## SOURCE MATERIAL
-.-.-
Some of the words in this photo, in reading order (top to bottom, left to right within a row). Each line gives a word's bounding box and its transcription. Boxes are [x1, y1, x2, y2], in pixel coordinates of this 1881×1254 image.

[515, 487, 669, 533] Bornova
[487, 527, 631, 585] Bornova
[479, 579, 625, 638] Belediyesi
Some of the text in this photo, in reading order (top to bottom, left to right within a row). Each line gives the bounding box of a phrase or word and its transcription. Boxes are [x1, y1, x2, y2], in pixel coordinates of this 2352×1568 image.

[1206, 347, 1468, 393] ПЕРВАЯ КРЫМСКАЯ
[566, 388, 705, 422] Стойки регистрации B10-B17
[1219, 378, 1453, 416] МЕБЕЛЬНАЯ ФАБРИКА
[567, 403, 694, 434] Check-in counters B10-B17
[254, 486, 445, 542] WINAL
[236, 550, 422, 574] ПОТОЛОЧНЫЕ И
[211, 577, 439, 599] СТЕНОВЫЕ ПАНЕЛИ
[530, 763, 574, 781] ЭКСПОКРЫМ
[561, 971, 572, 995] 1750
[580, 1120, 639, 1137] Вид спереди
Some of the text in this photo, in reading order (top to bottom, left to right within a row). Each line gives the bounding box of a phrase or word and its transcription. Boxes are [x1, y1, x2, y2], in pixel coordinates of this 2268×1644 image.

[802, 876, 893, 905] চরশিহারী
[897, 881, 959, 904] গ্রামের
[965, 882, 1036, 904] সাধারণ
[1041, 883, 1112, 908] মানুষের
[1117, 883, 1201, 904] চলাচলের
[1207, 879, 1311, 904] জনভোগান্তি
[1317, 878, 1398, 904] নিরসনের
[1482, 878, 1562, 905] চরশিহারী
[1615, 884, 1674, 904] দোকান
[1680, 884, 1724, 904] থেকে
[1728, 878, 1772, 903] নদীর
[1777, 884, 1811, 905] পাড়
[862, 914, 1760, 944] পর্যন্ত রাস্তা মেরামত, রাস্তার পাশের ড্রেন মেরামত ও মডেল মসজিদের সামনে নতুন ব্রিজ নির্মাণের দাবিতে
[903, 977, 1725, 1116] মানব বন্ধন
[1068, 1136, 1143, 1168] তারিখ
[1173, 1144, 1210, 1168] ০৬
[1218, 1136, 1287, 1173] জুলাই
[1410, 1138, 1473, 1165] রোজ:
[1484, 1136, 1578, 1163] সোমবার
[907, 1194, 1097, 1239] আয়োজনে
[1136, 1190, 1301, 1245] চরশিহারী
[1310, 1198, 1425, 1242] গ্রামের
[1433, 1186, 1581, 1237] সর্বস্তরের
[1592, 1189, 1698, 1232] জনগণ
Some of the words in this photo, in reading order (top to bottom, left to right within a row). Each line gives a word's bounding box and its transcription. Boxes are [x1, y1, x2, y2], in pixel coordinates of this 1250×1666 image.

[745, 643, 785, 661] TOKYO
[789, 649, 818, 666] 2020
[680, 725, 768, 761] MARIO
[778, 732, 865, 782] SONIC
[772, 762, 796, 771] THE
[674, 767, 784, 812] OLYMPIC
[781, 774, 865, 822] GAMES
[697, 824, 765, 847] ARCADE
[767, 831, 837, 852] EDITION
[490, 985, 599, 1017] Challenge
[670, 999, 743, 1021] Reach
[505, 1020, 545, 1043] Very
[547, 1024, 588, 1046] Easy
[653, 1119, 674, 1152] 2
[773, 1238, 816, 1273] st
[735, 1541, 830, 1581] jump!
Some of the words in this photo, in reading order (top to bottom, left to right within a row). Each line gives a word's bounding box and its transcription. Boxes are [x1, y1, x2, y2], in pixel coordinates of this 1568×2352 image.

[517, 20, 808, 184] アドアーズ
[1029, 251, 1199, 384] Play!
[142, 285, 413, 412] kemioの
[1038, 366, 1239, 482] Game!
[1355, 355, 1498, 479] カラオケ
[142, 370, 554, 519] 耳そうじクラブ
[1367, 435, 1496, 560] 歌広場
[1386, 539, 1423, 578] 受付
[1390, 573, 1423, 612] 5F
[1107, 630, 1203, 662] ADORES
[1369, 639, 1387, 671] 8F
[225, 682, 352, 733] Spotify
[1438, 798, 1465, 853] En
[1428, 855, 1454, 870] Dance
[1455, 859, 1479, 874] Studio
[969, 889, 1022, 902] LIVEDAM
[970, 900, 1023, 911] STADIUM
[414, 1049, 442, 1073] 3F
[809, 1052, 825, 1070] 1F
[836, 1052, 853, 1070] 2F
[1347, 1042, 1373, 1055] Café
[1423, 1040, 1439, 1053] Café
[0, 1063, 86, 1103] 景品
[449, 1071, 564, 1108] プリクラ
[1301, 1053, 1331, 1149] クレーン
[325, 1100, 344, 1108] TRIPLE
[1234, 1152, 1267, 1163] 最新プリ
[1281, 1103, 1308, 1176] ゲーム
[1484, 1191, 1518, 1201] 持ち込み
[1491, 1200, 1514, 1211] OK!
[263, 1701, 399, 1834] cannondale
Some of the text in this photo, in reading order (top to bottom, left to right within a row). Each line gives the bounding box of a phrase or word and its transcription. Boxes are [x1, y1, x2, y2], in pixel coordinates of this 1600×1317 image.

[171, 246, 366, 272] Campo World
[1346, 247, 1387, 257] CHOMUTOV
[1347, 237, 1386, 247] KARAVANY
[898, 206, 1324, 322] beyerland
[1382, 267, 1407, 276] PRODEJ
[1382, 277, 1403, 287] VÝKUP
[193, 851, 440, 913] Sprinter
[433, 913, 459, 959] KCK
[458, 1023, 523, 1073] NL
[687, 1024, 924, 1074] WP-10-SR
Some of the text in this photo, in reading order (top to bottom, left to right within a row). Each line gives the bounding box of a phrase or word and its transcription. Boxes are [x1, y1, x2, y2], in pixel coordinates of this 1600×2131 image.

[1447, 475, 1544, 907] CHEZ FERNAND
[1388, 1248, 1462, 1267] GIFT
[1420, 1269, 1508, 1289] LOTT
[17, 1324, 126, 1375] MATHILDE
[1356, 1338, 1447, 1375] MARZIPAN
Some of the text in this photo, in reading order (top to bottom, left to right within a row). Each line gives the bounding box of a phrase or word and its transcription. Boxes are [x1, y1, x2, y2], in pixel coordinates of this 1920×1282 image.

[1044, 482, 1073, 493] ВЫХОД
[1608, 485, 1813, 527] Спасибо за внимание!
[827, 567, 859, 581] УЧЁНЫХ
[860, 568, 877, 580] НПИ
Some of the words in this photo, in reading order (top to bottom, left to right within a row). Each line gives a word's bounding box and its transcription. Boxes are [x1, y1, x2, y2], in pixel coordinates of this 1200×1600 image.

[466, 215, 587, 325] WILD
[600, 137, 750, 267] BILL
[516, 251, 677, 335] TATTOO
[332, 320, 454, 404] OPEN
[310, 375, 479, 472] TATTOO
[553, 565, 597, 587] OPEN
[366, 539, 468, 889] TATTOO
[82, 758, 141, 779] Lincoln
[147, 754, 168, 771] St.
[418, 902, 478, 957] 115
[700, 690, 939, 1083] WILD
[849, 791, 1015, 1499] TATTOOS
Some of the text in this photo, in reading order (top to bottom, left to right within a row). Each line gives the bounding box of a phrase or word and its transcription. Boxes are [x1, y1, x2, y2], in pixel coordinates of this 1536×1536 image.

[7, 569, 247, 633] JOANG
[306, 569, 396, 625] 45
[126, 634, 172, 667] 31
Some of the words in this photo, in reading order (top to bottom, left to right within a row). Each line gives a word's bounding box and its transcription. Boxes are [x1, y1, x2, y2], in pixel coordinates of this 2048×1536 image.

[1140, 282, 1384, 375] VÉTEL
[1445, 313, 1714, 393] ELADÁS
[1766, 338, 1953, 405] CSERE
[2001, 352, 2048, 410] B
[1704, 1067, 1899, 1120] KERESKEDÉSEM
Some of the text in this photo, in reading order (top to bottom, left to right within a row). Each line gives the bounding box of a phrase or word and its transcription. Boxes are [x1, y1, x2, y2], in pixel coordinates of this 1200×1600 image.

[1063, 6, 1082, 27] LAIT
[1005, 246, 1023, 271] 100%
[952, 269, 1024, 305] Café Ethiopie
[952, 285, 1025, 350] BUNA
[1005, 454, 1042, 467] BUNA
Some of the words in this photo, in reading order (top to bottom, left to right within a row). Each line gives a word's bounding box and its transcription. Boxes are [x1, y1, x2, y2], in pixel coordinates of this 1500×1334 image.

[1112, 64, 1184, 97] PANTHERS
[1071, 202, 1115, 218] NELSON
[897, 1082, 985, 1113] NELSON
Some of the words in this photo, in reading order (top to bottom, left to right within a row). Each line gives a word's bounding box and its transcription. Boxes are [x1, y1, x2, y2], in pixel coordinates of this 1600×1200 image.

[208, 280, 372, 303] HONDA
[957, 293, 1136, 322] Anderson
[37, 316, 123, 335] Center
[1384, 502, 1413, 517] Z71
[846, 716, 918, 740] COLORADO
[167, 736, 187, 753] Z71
-.-.-
## WORK REQUEST
Lines from the one with "this 2048×1536 image." through the final line of the listing above should be duplicated word for word, and nothing else included.

## EXPECTED OUTPUT
Some of the words in this photo, in reading order (top to bottom, left to right within a row). Each line gives a word's bounding box and its transcription. Boxes are [x1, y1, x2, y2], in pixel coordinates of this 2048×1536 image.

[1140, 282, 1384, 375] VÉTEL
[1445, 313, 1714, 393] ELADÁS
[1766, 338, 1953, 405] CSERE
[2001, 352, 2048, 410] B
[1704, 1067, 1899, 1120] KERESKEDÉSEM
Some of the text in this photo, in reading order (top to bottom, left to right within a row). Each line gives the bounding box of a phrase or word and its transcription. Boxes are [x1, y1, x2, y2], in pixel coordinates of this 1200×1600 image.

[1063, 6, 1082, 27] LAIT
[1005, 246, 1023, 271] 100%
[952, 269, 1024, 305] Café Ethiopie
[952, 285, 1025, 350] BUNA
[1005, 454, 1042, 467] BUNA
Some of the words in this photo, in reading order (top to bottom, left to right within a row). Each line gives a word's bounding box and its transcription. Boxes are [x1, y1, x2, y2], in pixel coordinates of this 1500×1334 image.

[1112, 64, 1184, 97] PANTHERS
[1071, 202, 1115, 218] NELSON
[897, 1082, 985, 1113] NELSON
Some of the words in this photo, in reading order (top to bottom, left to right within a row). Each line gives a word's bounding box and its transcription. Boxes are [x1, y1, x2, y2], in pixel coordinates of this 1600×1200 image.

[208, 280, 372, 303] HONDA
[957, 293, 1136, 322] Anderson
[37, 316, 123, 335] Center
[1384, 502, 1413, 517] Z71
[846, 716, 918, 740] COLORADO
[167, 736, 187, 753] Z71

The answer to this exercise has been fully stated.